The audience began just after Pope Francis had met U.S. President Donald Trump.
"Our God is a dim flame that burns on a cold and windy day, and, for as fragile as his presence seems in this world, he has chosen the place everyone disdains," Pope Francis told the crowd in the square.
"Jesus walks with all those who are discouraged, who walk with their head down," so he can offer them renewed hope, he said.
But he does so discreetly, the pope said. "Our God is not an intrusive God."
Whoever reads the Bible will not find stories of "easy heroism, blazing campaigns of conquest. True hope never comes cheap — it always comes through defeat."

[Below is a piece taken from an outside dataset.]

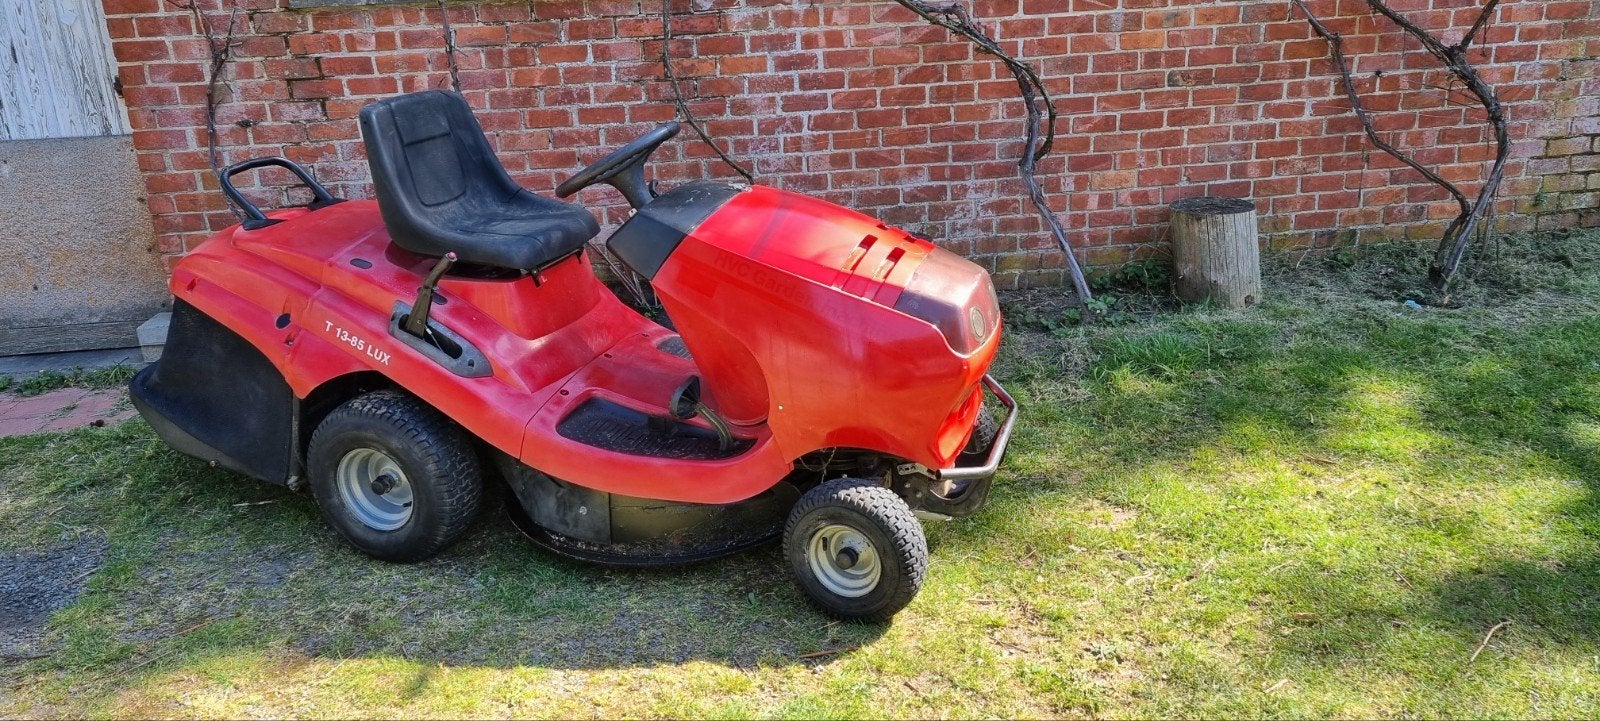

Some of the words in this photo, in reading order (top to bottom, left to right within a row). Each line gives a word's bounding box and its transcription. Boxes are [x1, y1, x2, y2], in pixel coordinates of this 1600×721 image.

[713, 251, 750, 277] HVC
[325, 320, 333, 332] T
[336, 327, 365, 351] 13-85
[366, 344, 391, 365] LUX

In fact, he added, the hope felt by those who have never suffered may not even be hope at all.
The church needs to be just like Jesus, not staying in a "fortified fortress," but out where everything is alive and happening — on the road.
"It is there [the church] meets people, with their hopes and disappointments," listens patiently to what emerges from their "treasure chest of personal conscience" and offers the life-giving Word and witness to God's love, he said.
This is how people's hearts are rekindled with real hope, the pope said.